The order, which comes before large holidays and the typical season for fairs and food festivals in metro Detroit, follows a similar easing of outdoor mask guidance by the U.S. Centers for Disease Control and Prevention.

“The commitment by Michiganders to receive the safe and effective COVID-19 vaccine is allowing us to move toward a return to normal,” Michigan Department of Health and Human Services director Elizabeth Hertel said in a news release on Tuesday night. “The vaccines work. That means once Michiganders are fully vaccinated, they do not have to abide by as many health guidelines because of the protection the vaccine provides from the spread of the virus.”

Under the new order, masks will not be required outdoors unless at gatherings with 100 or more people. Large outdoor events, including food festivals and fairs, also will be able to exceed the current 1,000-person limit as long as they create and post a safety plan.

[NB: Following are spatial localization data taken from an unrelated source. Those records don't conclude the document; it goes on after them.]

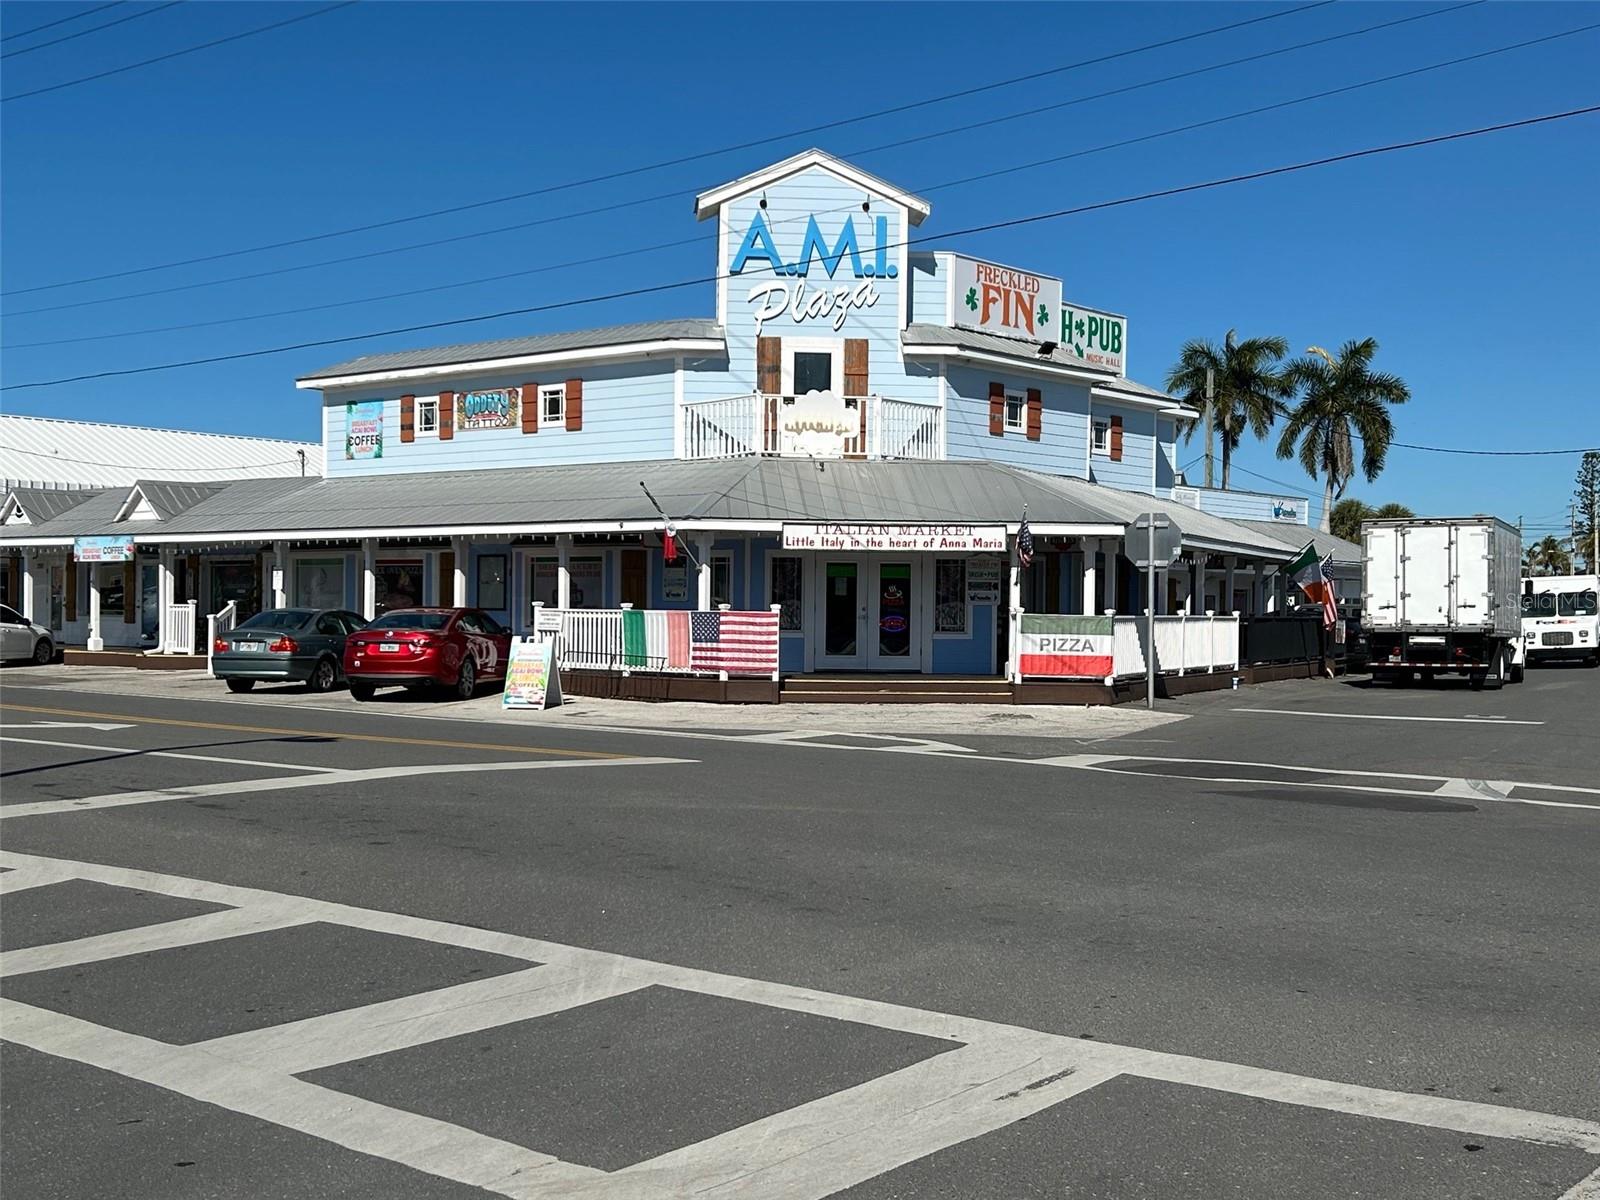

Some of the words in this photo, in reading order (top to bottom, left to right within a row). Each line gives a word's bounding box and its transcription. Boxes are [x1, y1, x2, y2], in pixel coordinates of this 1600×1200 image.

[729, 210, 899, 280] A.M.I.
[976, 263, 1040, 294] FRECKLED
[748, 276, 880, 337] Plaza
[979, 281, 1036, 337] FIN
[1087, 315, 1122, 354] PUB
[1086, 353, 1104, 365] MUSIC
[1106, 357, 1121, 368] HALL
[348, 434, 381, 446] COFFEE
[815, 525, 890, 535] ITALIAN
[897, 526, 976, 536] MARKET
[785, 536, 815, 547] Little
[821, 536, 844, 549] Italy
[851, 539, 860, 547] in
[866, 537, 883, 547] the
[889, 537, 917, 548] heart
[923, 537, 935, 548] of
[940, 538, 967, 548] Anna
[973, 538, 1003, 548] Maria
[103, 546, 124, 555] COFFEE
[1040, 638, 1094, 653] PIZZA
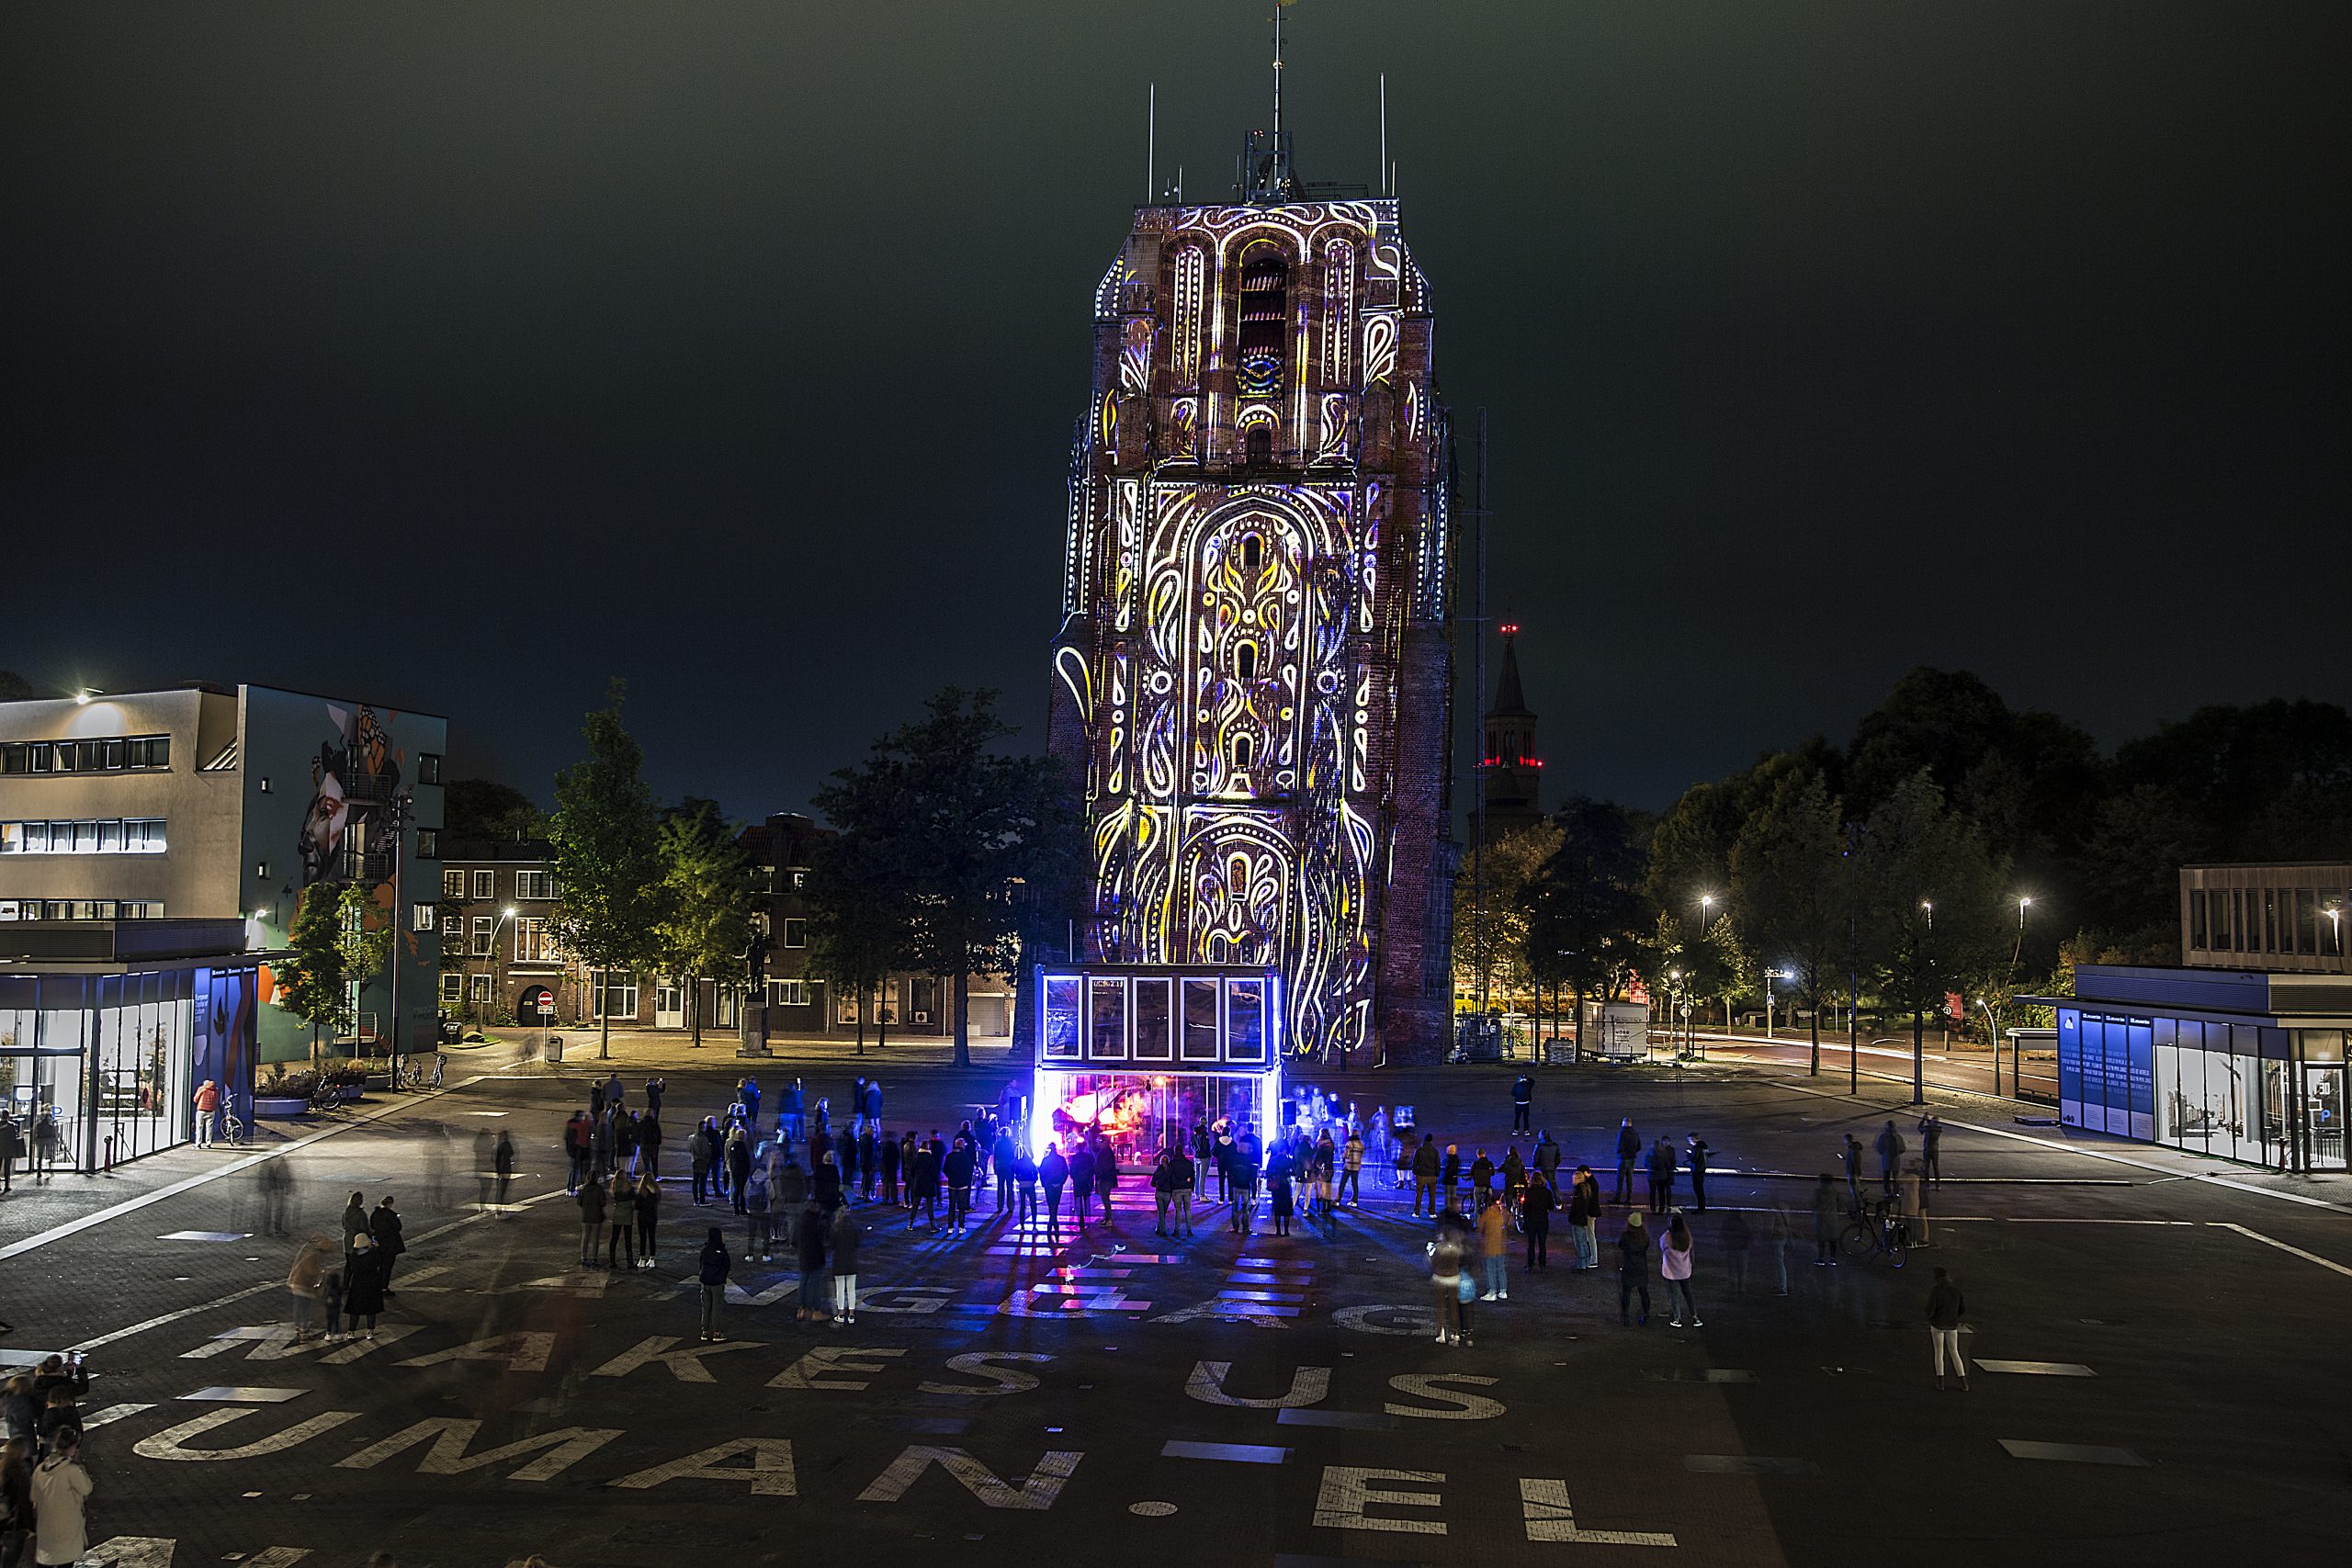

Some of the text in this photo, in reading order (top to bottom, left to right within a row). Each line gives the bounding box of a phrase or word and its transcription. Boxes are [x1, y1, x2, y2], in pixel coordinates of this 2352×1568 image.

COVID case rates, hospitalizations and deaths have been declining in recent weeks, but Michigan is still worst in the nation in all three metrics. The state reported 2,527 new confirmed COVID-19 cases and 126 deaths on Tuesday. Recently, Gov. Gretchen Whitmer called for residents to stop eating indoors at restaurants, and asked restaurateurs to pause service for two weeks in an effort to thwart a COVID-19 surge.

But Hertel and Whitmer have resisted handing down more stringent regulations, despite recommendations from national health leaders.

Instead, Whitmer outlined a plan on Thursday, April 29, that would make COVID-19 restrictions contingent on specific vaccination levels.

The tiered plan, for example, would lift the curfew for the state’s restaurants and bars once 60 percent of Michiganders 18 and older are vaccinated. Indoor dining capacity limits would be lifted once 65 percent of Michiganders over 18 are vaccinated. Under current regulations, restaurants are restricted to 50 percent capacity or 100 diners.

State health officials have previously said the goal is to have 70 percent of Michiganders vaccinated, a goal mirroring President Biden’s plan for the nation. About half of state residents have received at least one dose of the vaccine but rates in Detroit have been sluggish, with just 31.3 percent of residents 16 and older getting a shot, as of Wednesday, May 3.